Herrliche Dinge, die wir miteinander erlebt haben, dazu gehören auch
unsere gemeinsamen Diskussionen über all diese Fragen..
Ich danke für die eindrucksvolle Gottesdienstgestaltung. Eigentlich hat
sie uns beide zurück versetzt in die Zeit kurz nach dem Konzil, als wir
hier in Frankfurt Jugendkapläne waren. Es sind Jugendleiterinnen aus
der Pfarrei hier, in der ich damals tätig war, eine faszinierende Zeit,
diese Frankfurter Zeit, die uns in vieler Hinsicht geprägt hat.
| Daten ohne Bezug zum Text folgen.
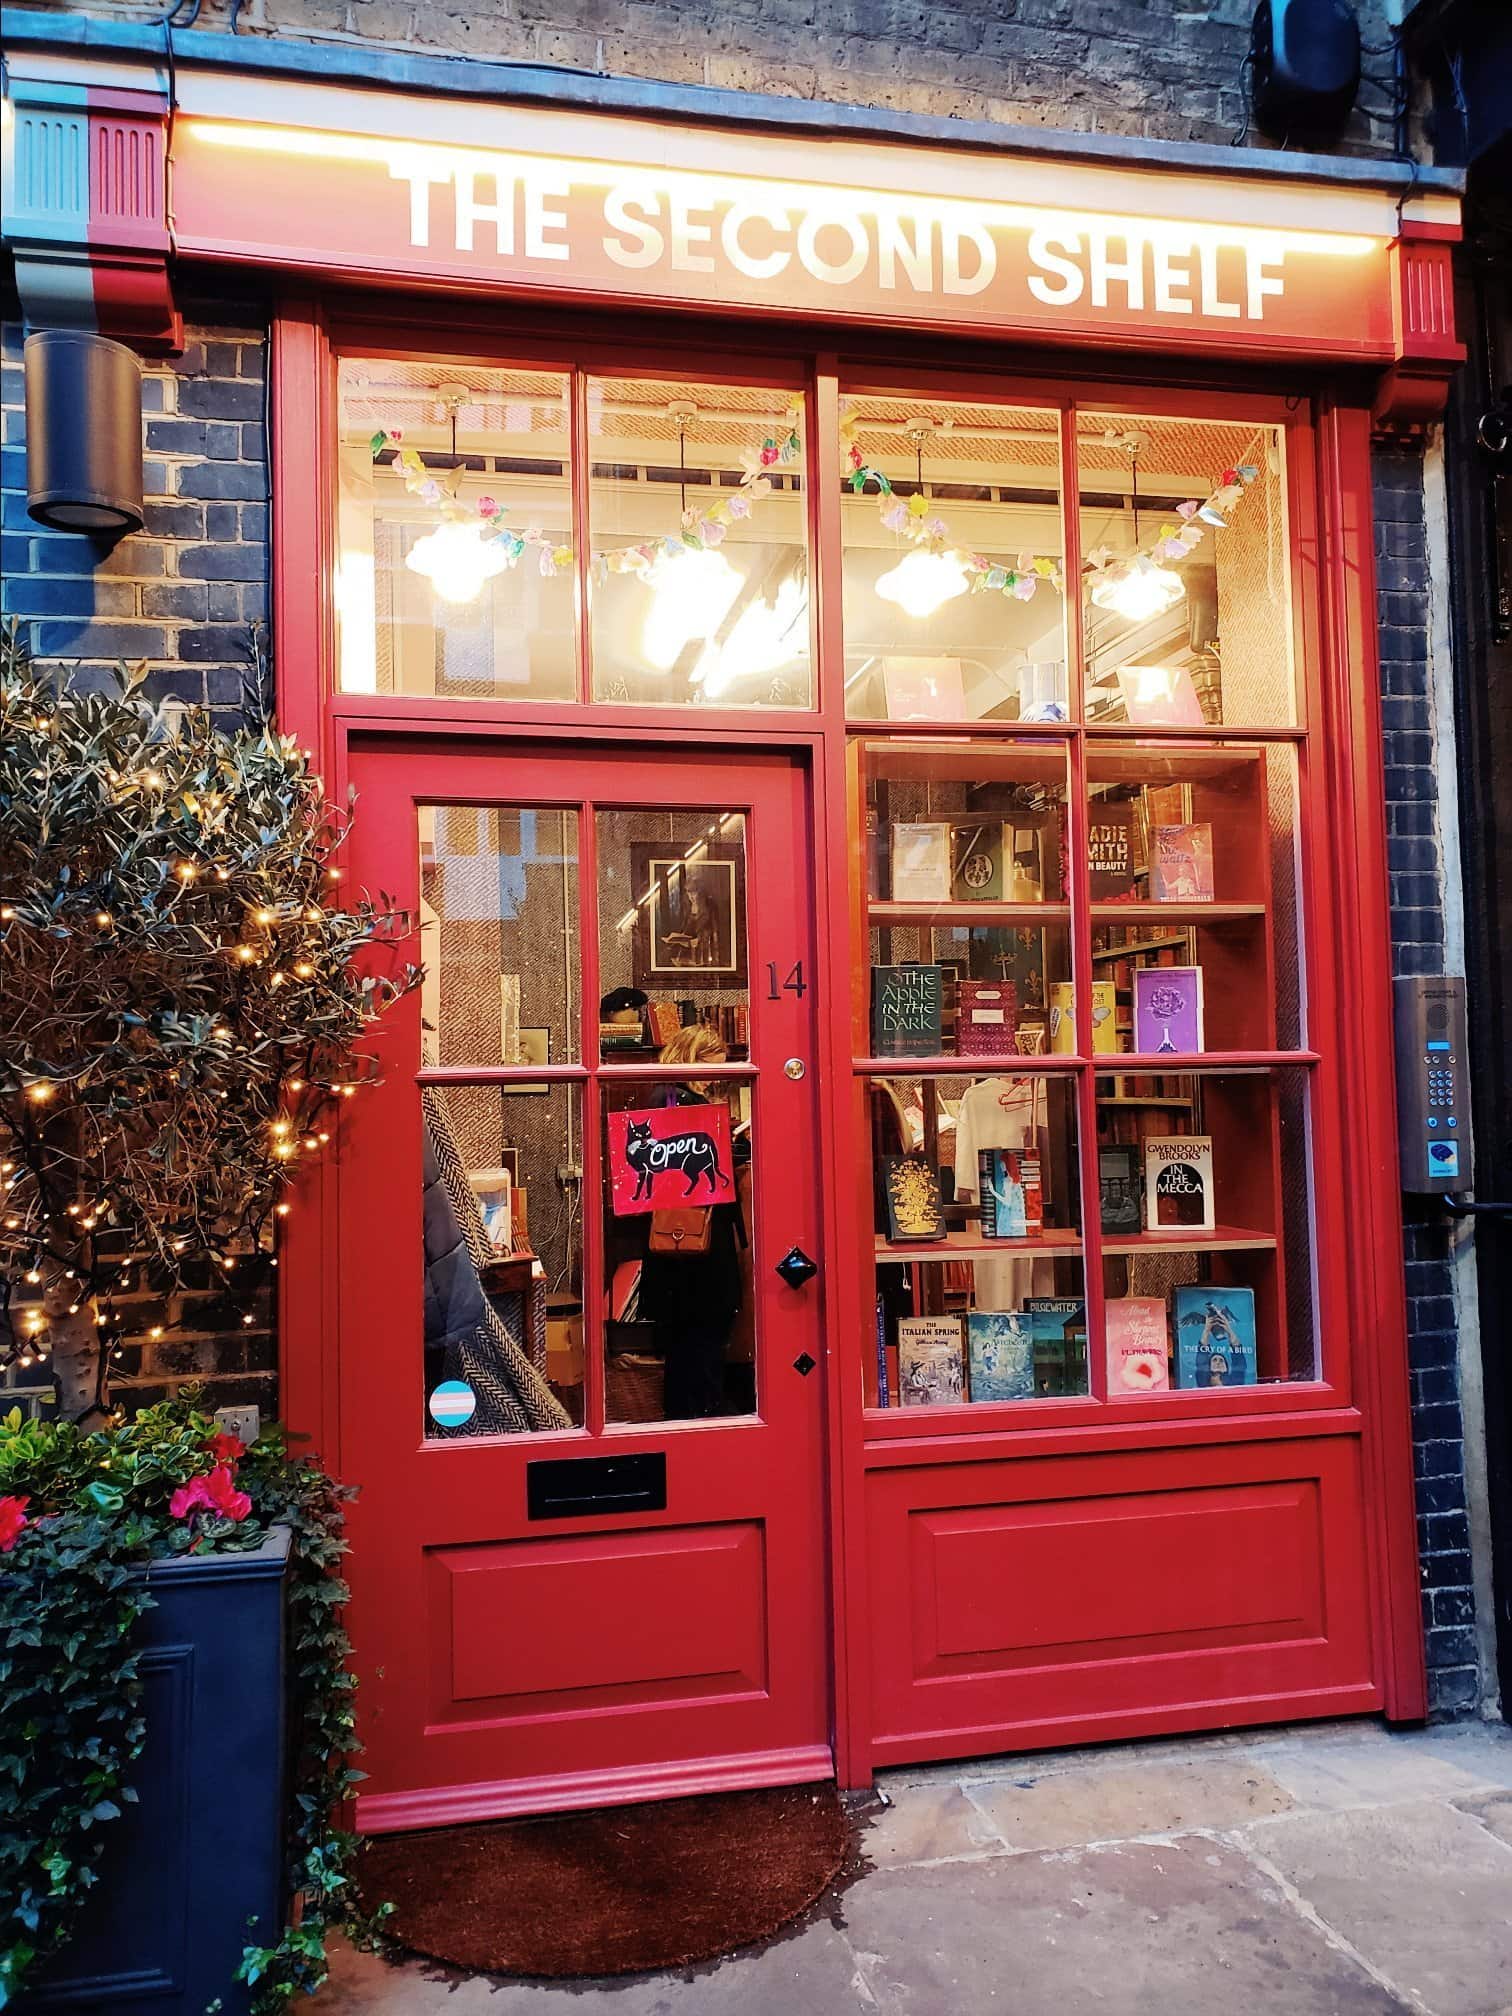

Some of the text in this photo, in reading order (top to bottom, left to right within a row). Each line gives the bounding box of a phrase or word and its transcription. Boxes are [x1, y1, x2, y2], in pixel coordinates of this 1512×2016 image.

[388, 166, 1285, 320] THE SECOND SHELF
[1089, 825, 1128, 842] ADIE
[1088, 843, 1128, 860] MITH
[1096, 861, 1127, 870] BEAUTY
[766, 960, 807, 1000] 14
[883, 1001, 936, 1015] IN THE
[883, 1014, 936, 1030] DARK
[650, 1137, 708, 1168] Open
[1147, 1144, 1210, 1152] GWENDOLYN
[1160, 1152, 1201, 1160] BROOKS
[1170, 1165, 1183, 1175] IN
[1163, 1174, 1188, 1184] THE
[1157, 1183, 1203, 1193] MECCA
[902, 1328, 960, 1336] ITALIAN SPRING
[1184, 1345, 1199, 1353] THE
[1200, 1345, 1215, 1353] CRY
[1216, 1345, 1226, 1353] OF
[1234, 1346, 1253, 1354] BIRD
Als wir
die Musik hörten, war es, als seien über 30 Jahre gar nicht vergangen.
Herzlichen Dank, auch den beiden Musikern für die ausgezeichnete Aufführung.
Aber auch einen besonderen Dank an alle, die in der Vor- und Nachbereitung, vor und hinter den Kulissen, gearbeitet haben. Sie sollten bei unserem Dank nicht vergessen sein.
HERBERT
Herr Ministerpräsident Hans Eichel, Ihre Anwesenheit und Ihre Worte sind für uns eine sehr große Ehre. Von unserem Namen her waren wir ja vielleicht für Sie immer ziemlich unverdächtige Funktionäre der Kirche. Wir bewerten, wenn wir das dürfen, Ihre Anwesenheit als Ausdruck großer Erwartungen, die Sie in der Politik an den sozialen, den sozialpolitischen Einsatz der Kirche haben.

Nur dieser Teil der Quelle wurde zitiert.